START Data extracts

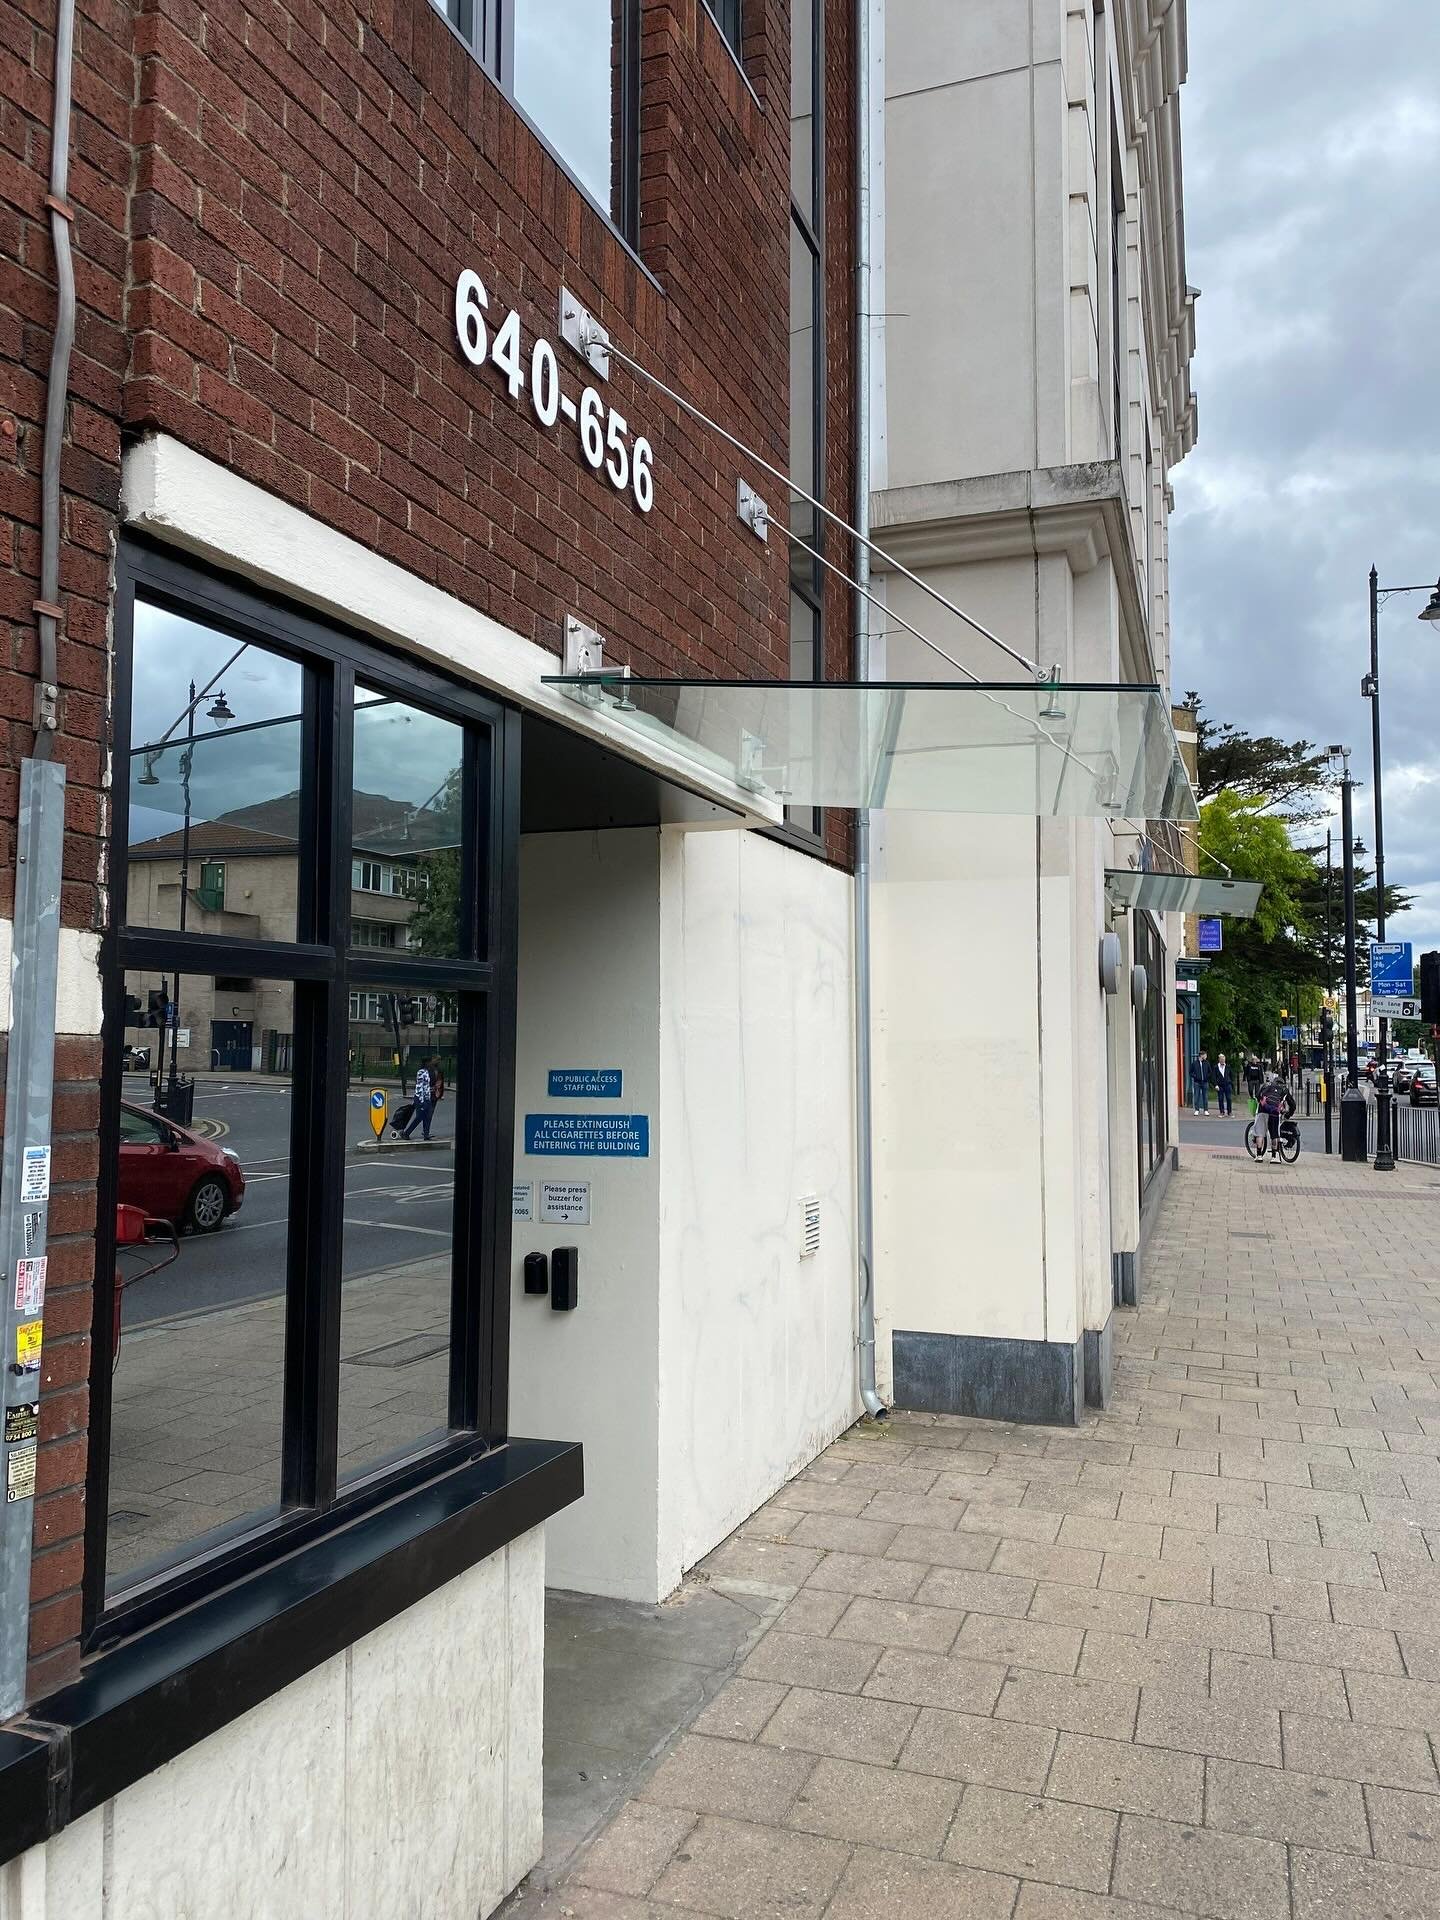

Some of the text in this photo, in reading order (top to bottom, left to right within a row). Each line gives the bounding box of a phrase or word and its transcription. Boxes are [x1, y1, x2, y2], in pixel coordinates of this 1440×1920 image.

[455, 268, 654, 513] 640-656
[552, 1075, 618, 1083] NO PUBLIC ACCESS
[586, 1084, 606, 1092] ONLY
[543, 1120, 630, 1129] PLEASE EXTINGUISH
[534, 1131, 640, 1140] ALL CIGARETTES BEFORE
[533, 1141, 640, 1151] ENTERING THE BUILDING
[544, 1185, 587, 1194] Please press
[547, 1204, 583, 1212] assistance
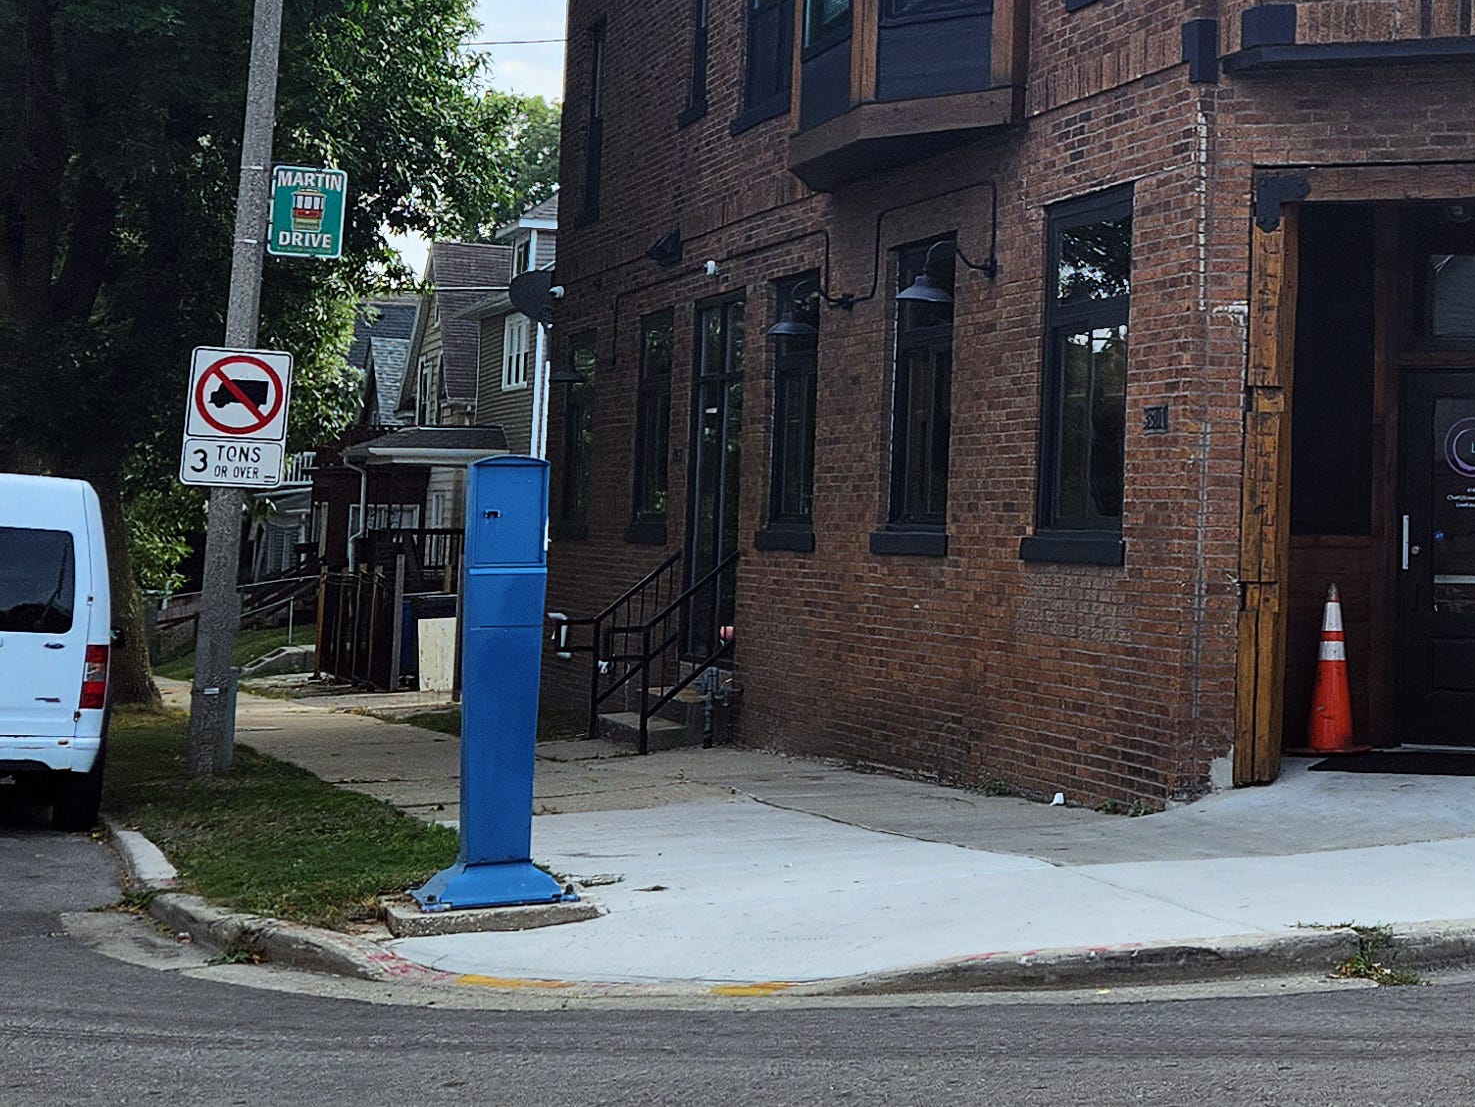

END Data extracts

**Task item:** Omit the pictures. Output every record above word for word.

**Solution:**
Some of the text in this photo, in reading order (top to bottom, left to right within a row). Each line gives the bounding box of a phrase or word and its transcription. Boxes are [x1, y1, x2, y2], in pixel coordinates of this 1440×1920 image.

[455, 268, 654, 513] 640-656
[552, 1075, 618, 1083] NO PUBLIC ACCESS
[586, 1084, 606, 1092] ONLY
[543, 1120, 630, 1129] PLEASE EXTINGUISH
[534, 1131, 640, 1140] ALL CIGARETTES BEFORE
[533, 1141, 640, 1151] ENTERING THE BUILDING
[544, 1185, 587, 1194] Please press
[547, 1204, 583, 1212] assistance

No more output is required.